01 - Preheat oven to 425°F. Place a 10-inch cast-iron skillet in the oven to heat while preparing the batter.
02 - In a large bowl, whisk together cornmeal, flour, sugar, baking powder, baking soda, and salt.
03 - In a separate bowl, whisk milk, eggs, melted butter, and vegetable oil until well combined.
04 - Pour wet ingredients into dry ingredients. Stir gently until just combined; avoid overmixing.
05 - Carefully remove hot skillet from oven. Add 2 tablespoons butter and swirl to coat bottom and sides evenly.
06 - Pour batter into hot buttered skillet and smooth the top surface.
07 - Bake for 20 to 25 minutes until top is golden brown and a toothpick inserted in center comes out clean.
08 - While cornbread bakes, beat softened butter with honey and salt in a small bowl until smooth and fluffy.
09 - Let cornbread cool 5 to 10 minutes before slicing.
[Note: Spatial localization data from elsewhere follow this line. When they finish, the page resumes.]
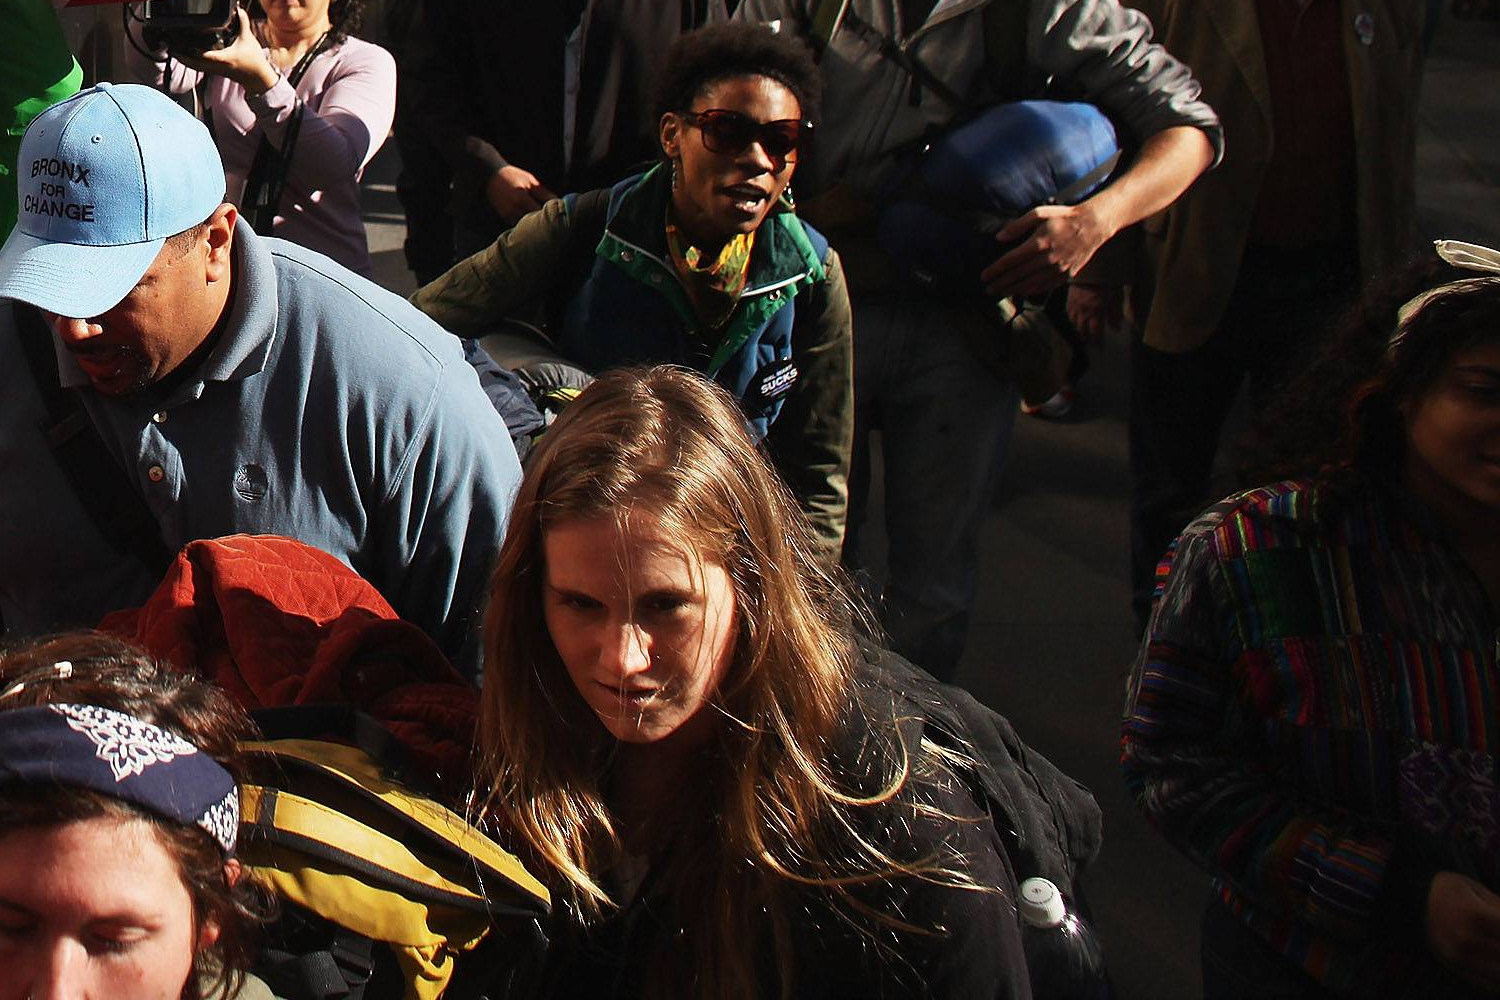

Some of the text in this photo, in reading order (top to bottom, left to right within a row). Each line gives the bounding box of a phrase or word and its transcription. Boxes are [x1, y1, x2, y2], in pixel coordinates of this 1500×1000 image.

[31, 158, 90, 187] BRONX
[41, 182, 66, 199] FOR
[24, 194, 95, 222] CHANGE
[760, 367, 799, 394] SUCKS
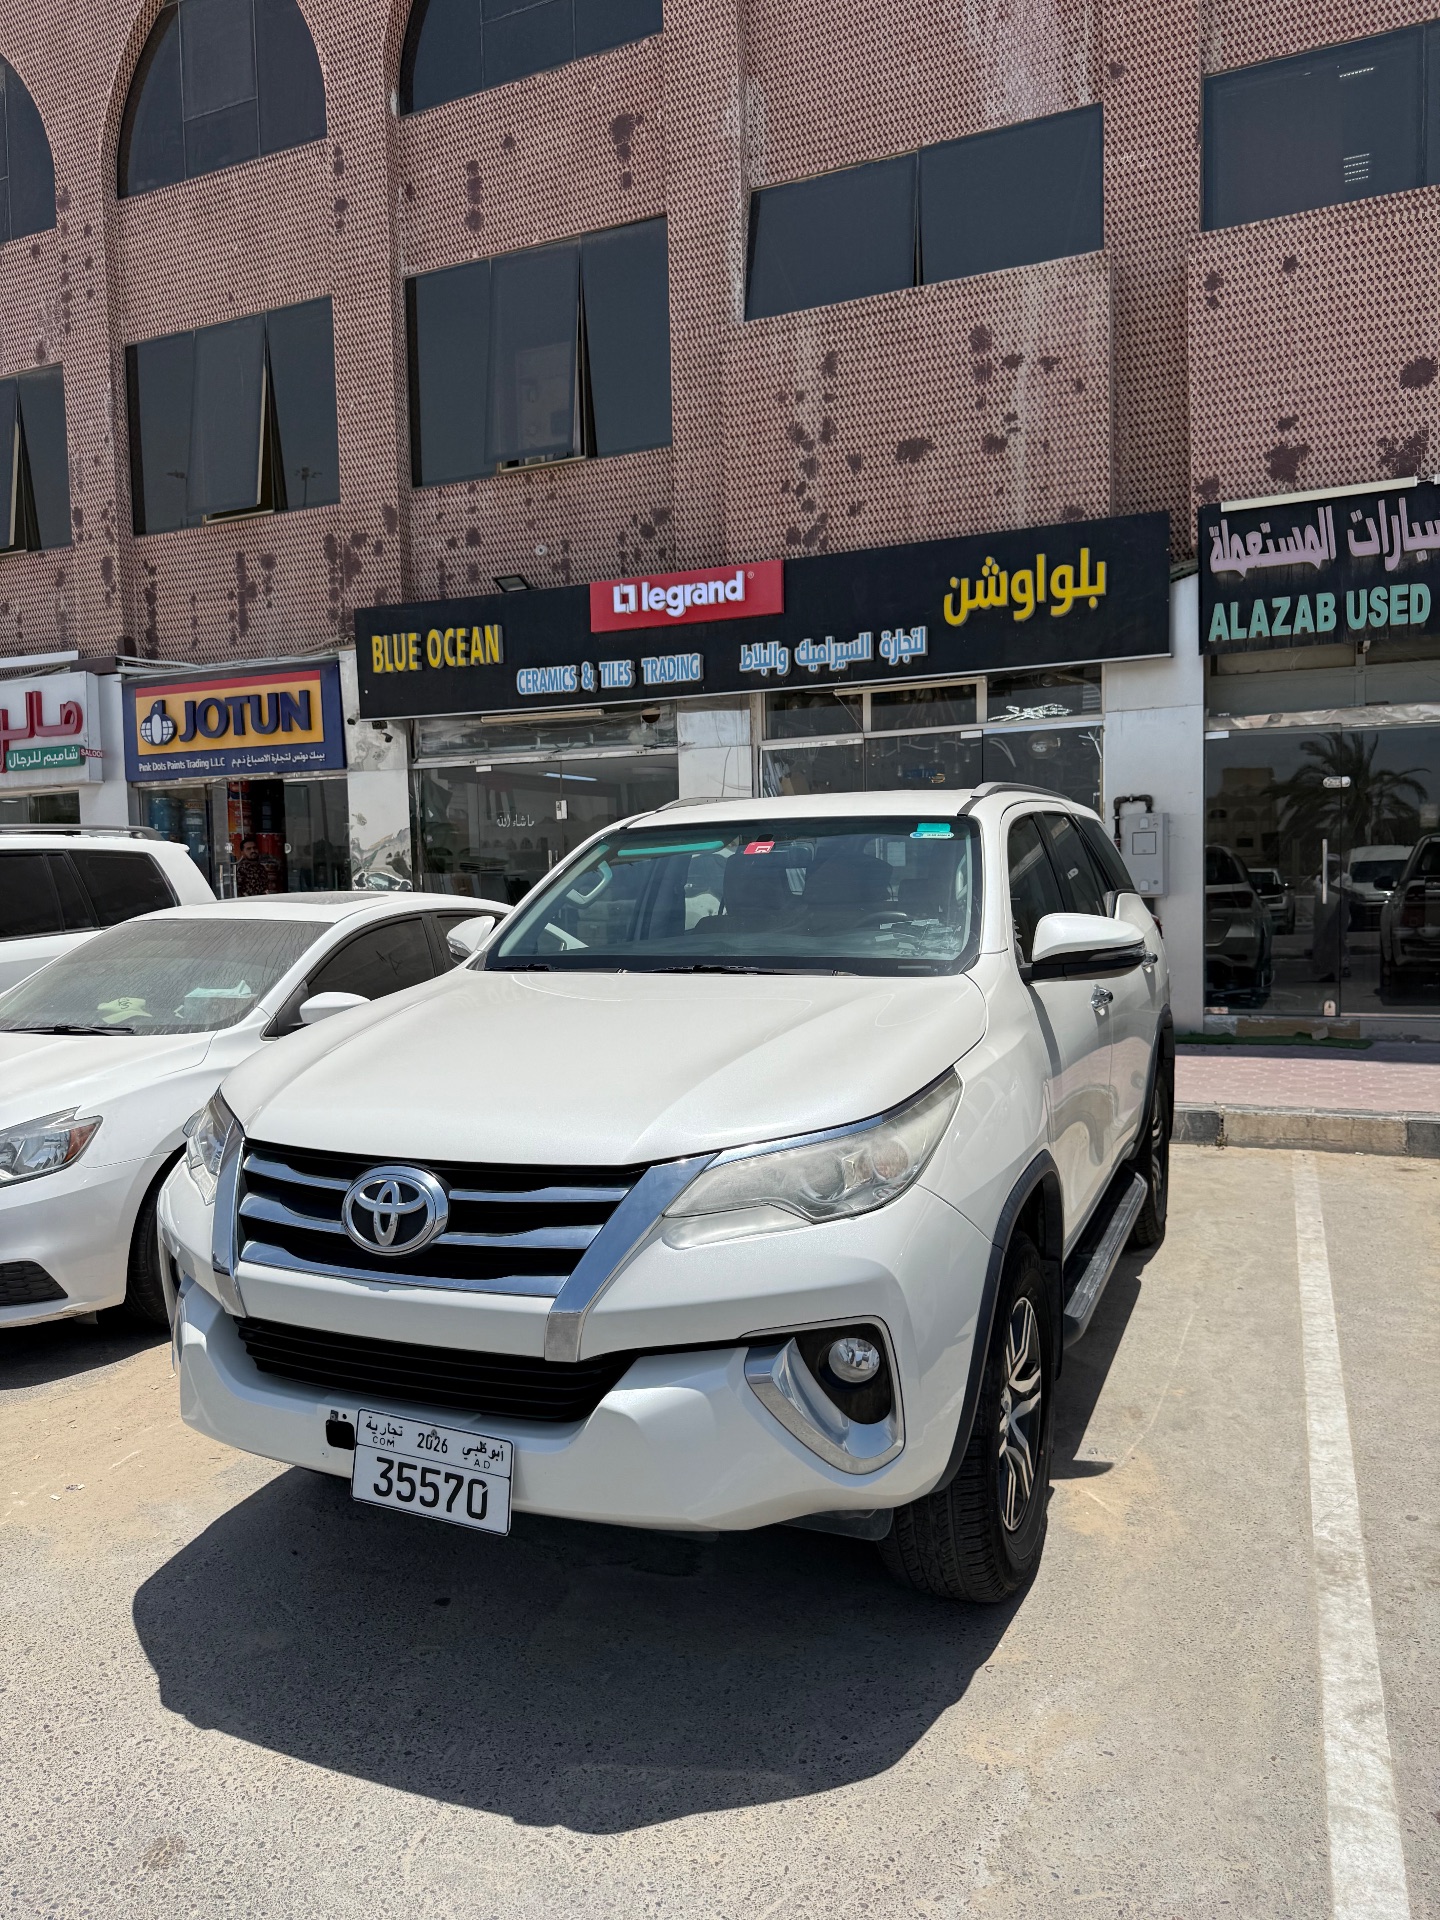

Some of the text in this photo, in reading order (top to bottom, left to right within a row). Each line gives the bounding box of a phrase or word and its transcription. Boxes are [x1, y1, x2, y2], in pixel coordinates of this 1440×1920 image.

[1209, 505, 1336, 578] المستعملة
[641, 570, 745, 617] legrand
[944, 547, 1106, 627] بلواوشن
[1208, 583, 1431, 642] ALAZAB USED
[372, 624, 503, 673] BLUE OCEAN
[739, 626, 928, 677] لتجارة السيراميك والبلاط
[516, 653, 704, 695] CERAMICS & TILES TRADING
[179, 690, 312, 742] JOTUN
[8, 750, 42, 769] للرجال
[152, 761, 166, 771] Dots
[167, 760, 185, 770] Paints
[186, 758, 209, 770] Trading
[366, 1416, 403, 1438] تجارية
[372, 1435, 396, 1448] COM
[416, 1432, 448, 1454] 2026
[373, 1456, 488, 1521] 35570
Serve warm with honey butter.

# Expert Suggestions:

01 -
  • It's foolproof enough for a weeknight but impressive enough to bring to dinner at someone's house without apology.
  • The honey butter situation is legitimately life-changing, turning ordinary cornbread into something people remember.
  • A cast-iron skillet creates edges so crispy and golden they'll disappear before anyone can stop eating them.
02 -
  • Do not skip preheating the skillet, because a cool or warm pan makes sad cornbread that steams instead of bakes, and nobody signed up for that.
  • The moment you see bubbles forming around the edges means the pan is doing its job, creating those crispy golden corners that make people go quiet when they eat.
03 -
  • If your oven runs hot or cool, adjust accordingly because every cornbread golden moment depends on proper heat, and 5 minutes too long turns it from perfect to overdone.
  • Make the honey butter while the cornbread bakes so it's ready the moment you pull the skillet out, transforming warm bread into something transcendent.